**Goal of the exercise**
Write out the full set of records exactly. Any pictures in them do not belong in the copy.

**Available data**
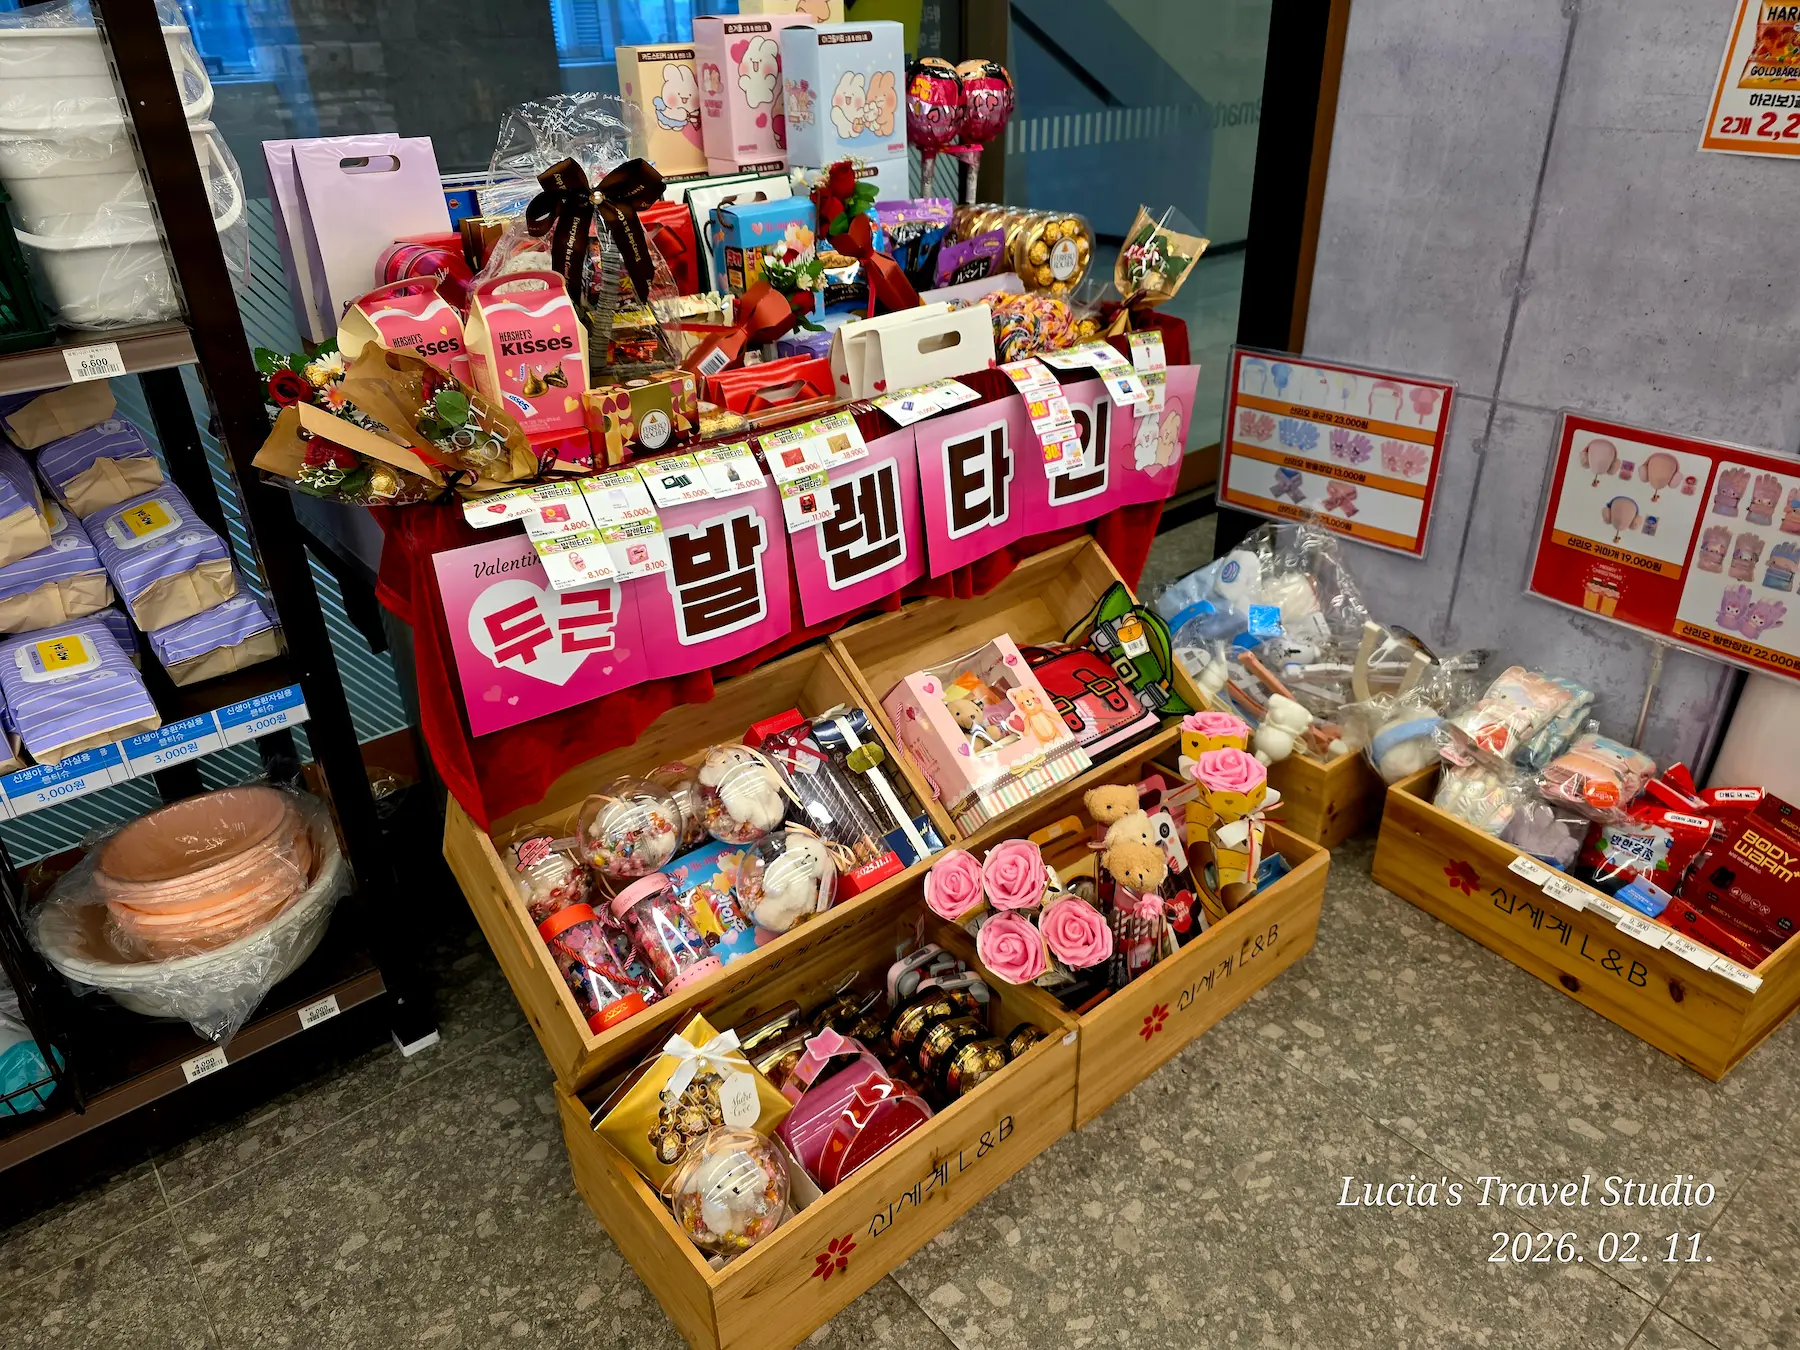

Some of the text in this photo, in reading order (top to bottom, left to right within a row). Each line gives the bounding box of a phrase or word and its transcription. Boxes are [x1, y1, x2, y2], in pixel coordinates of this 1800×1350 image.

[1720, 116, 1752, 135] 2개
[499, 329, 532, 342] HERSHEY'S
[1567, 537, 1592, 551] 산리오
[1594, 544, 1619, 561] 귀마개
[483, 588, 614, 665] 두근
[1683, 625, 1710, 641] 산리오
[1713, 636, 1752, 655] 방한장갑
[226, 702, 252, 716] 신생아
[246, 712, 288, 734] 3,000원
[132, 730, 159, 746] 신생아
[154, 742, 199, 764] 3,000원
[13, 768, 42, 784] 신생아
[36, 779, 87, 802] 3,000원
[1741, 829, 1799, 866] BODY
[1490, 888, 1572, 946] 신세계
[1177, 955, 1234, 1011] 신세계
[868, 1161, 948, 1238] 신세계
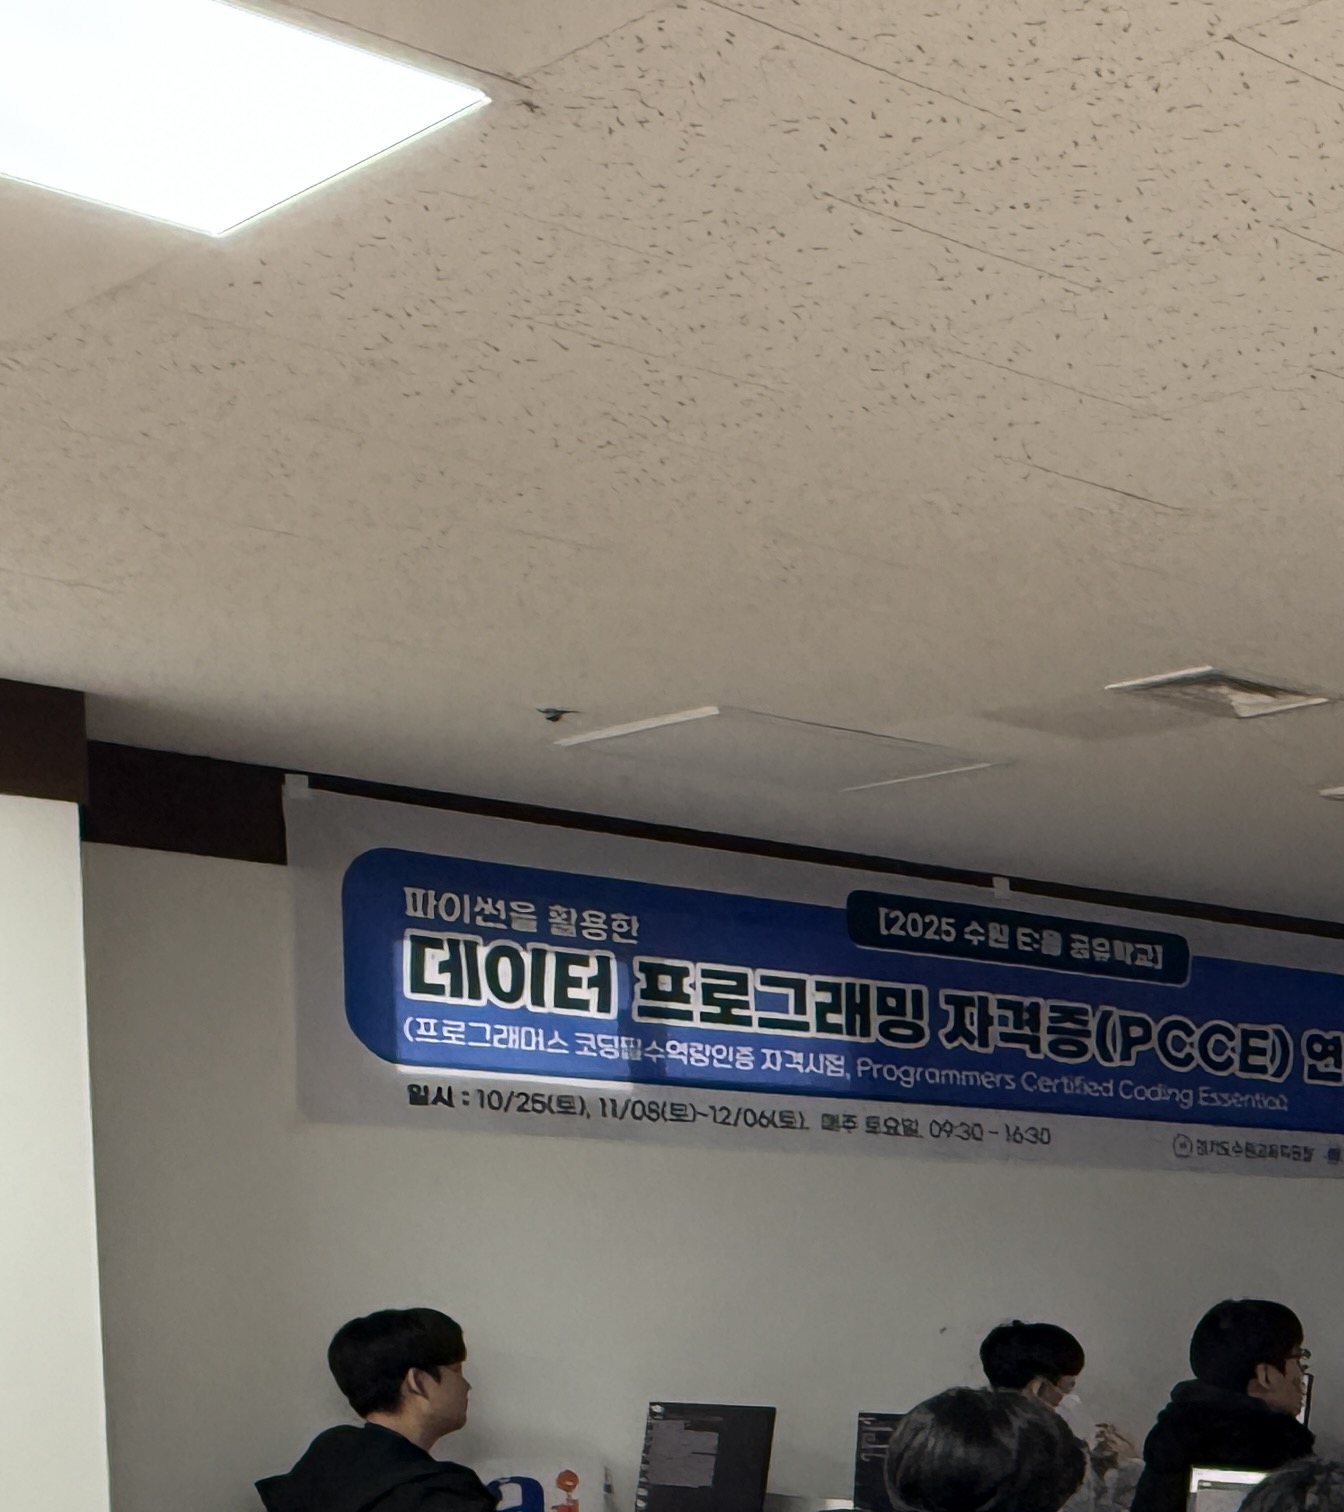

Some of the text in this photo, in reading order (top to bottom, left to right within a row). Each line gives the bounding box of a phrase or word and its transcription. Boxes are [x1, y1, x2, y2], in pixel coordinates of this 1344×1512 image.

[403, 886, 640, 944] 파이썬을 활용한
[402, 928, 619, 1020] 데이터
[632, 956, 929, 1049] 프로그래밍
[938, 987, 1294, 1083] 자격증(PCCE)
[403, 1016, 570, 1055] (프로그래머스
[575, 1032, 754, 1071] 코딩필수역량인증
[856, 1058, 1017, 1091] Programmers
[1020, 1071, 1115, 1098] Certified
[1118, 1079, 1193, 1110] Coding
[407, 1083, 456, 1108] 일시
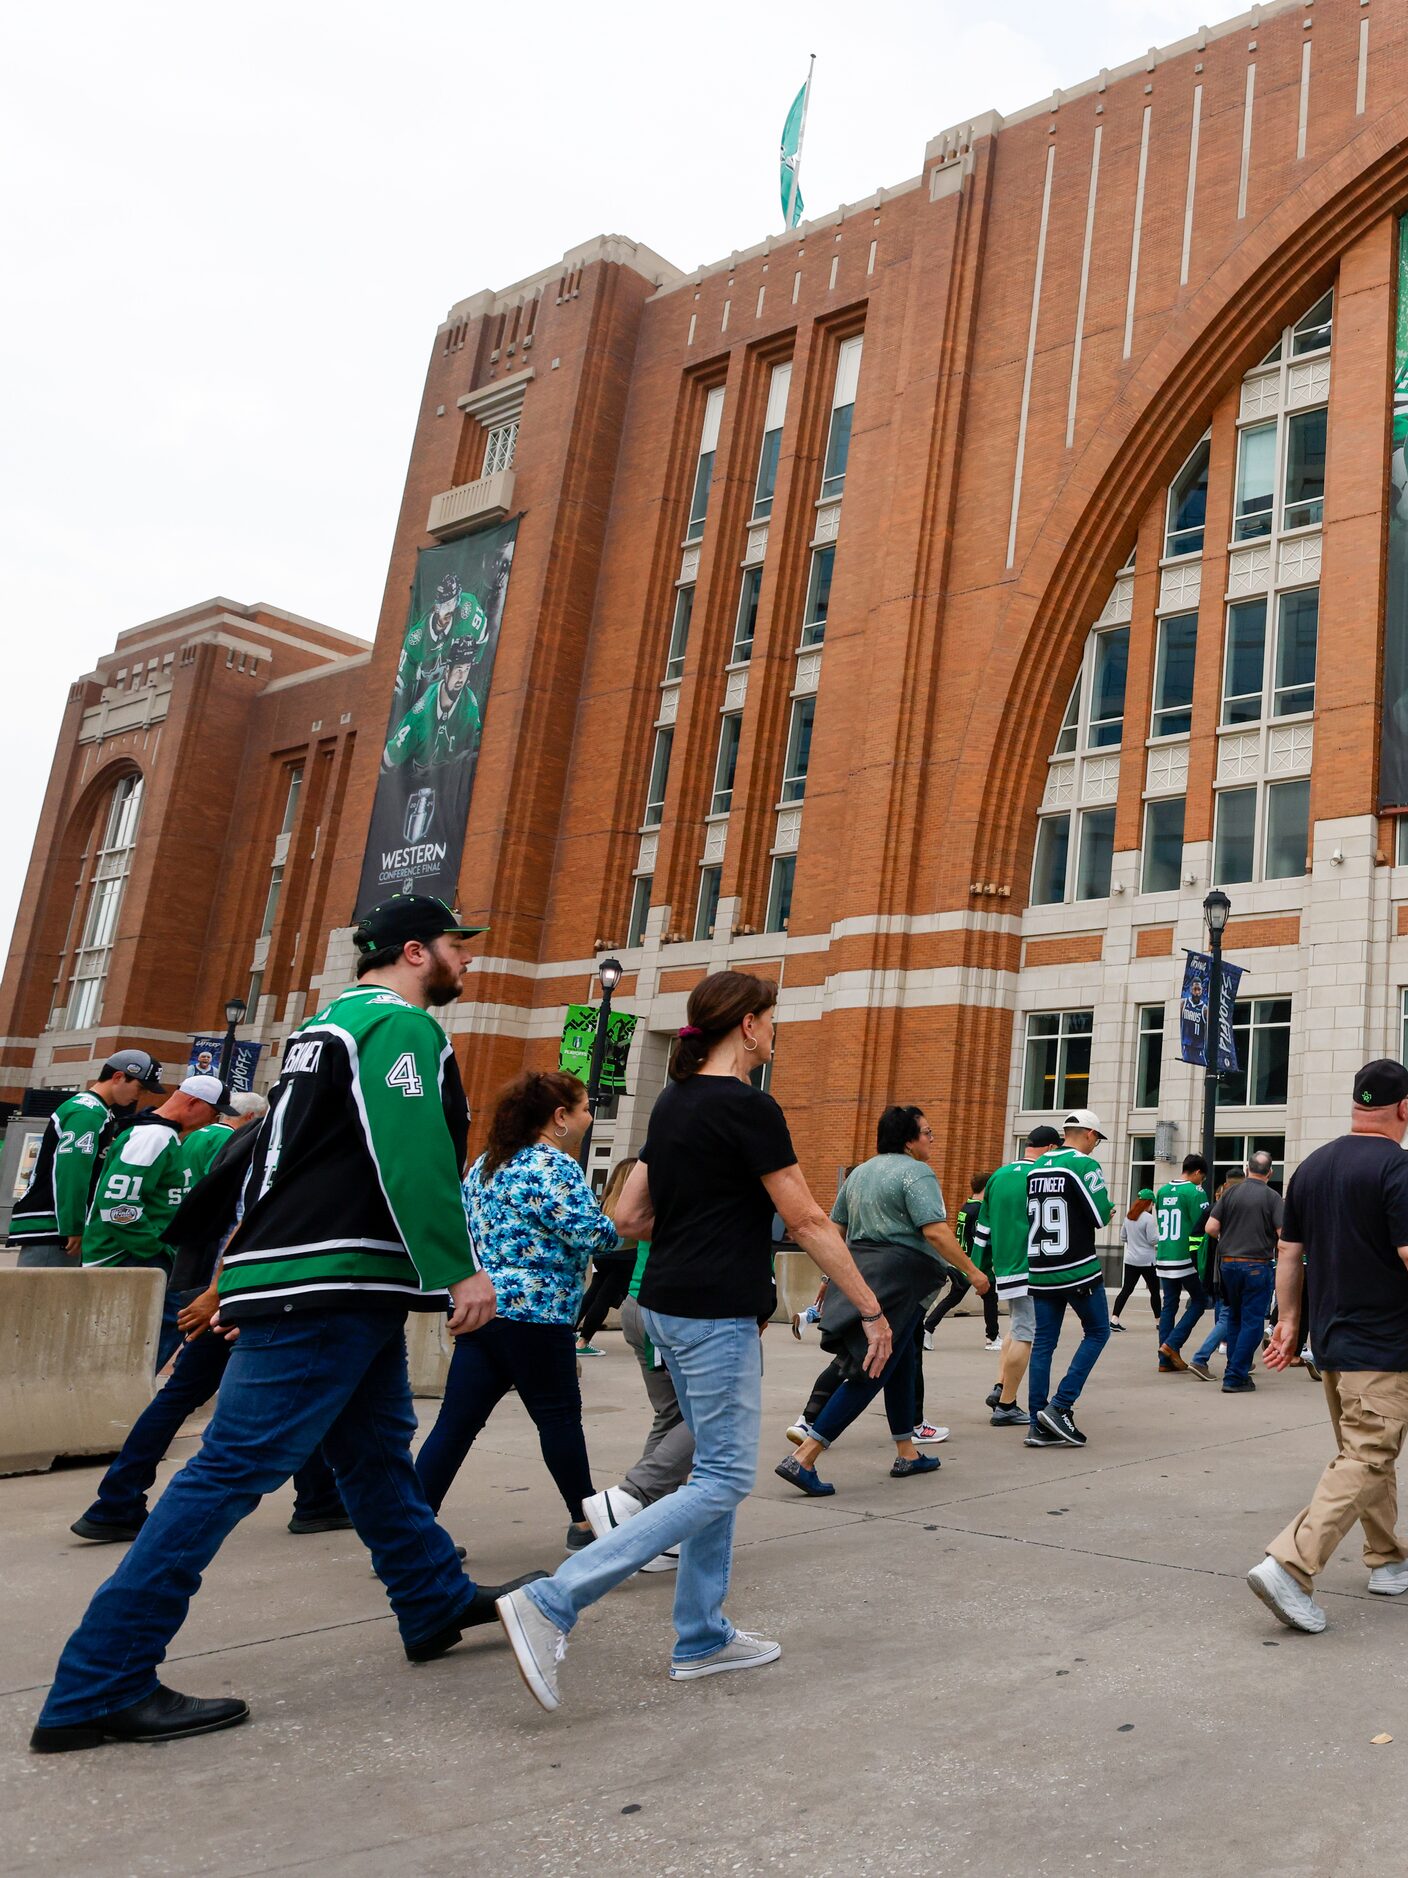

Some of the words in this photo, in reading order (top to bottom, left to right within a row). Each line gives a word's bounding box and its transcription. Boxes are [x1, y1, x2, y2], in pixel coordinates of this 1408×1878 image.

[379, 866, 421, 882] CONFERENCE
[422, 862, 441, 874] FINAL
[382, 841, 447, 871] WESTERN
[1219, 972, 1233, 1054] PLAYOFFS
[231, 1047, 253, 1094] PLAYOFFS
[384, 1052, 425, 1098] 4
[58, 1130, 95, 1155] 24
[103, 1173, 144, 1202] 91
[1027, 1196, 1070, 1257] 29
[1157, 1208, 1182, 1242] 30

**Output of the task**
Some of the text in this photo, in reading order (top to bottom, left to right within a row). Each line gives the bounding box of a phrase or word and its transcription. Boxes are [x1, y1, x2, y2], in pixel coordinates of this 1800×1350 image.

[1720, 116, 1752, 135] 2개
[499, 329, 532, 342] HERSHEY'S
[1567, 537, 1592, 551] 산리오
[1594, 544, 1619, 561] 귀마개
[483, 588, 614, 665] 두근
[1683, 625, 1710, 641] 산리오
[1713, 636, 1752, 655] 방한장갑
[226, 702, 252, 716] 신생아
[246, 712, 288, 734] 3,000원
[132, 730, 159, 746] 신생아
[154, 742, 199, 764] 3,000원
[13, 768, 42, 784] 신생아
[36, 779, 87, 802] 3,000원
[1741, 829, 1799, 866] BODY
[1490, 888, 1572, 946] 신세계
[1177, 955, 1234, 1011] 신세계
[868, 1161, 948, 1238] 신세계

Some of the text in this photo, in reading order (top to bottom, left to right within a row). Each line gives the bounding box of a phrase or word and its transcription. Boxes are [x1, y1, x2, y2], in pixel coordinates of this 1344×1512 image.

[403, 886, 640, 944] 파이썬을 활용한
[402, 928, 619, 1020] 데이터
[632, 956, 929, 1049] 프로그래밍
[938, 987, 1294, 1083] 자격증(PCCE)
[403, 1016, 570, 1055] (프로그래머스
[575, 1032, 754, 1071] 코딩필수역량인증
[856, 1058, 1017, 1091] Programmers
[1020, 1071, 1115, 1098] Certified
[1118, 1079, 1193, 1110] Coding
[407, 1083, 456, 1108] 일시

Some of the words in this photo, in reading order (top to bottom, left to right within a row). Each line gives a word's bounding box and its transcription. Boxes are [x1, y1, x2, y2], in pixel coordinates of this 1408×1878 image.

[379, 866, 421, 882] CONFERENCE
[422, 862, 441, 874] FINAL
[382, 841, 447, 871] WESTERN
[1219, 972, 1233, 1054] PLAYOFFS
[231, 1047, 253, 1094] PLAYOFFS
[384, 1052, 425, 1098] 4
[58, 1130, 95, 1155] 24
[103, 1173, 144, 1202] 91
[1027, 1196, 1070, 1257] 29
[1157, 1208, 1182, 1242] 30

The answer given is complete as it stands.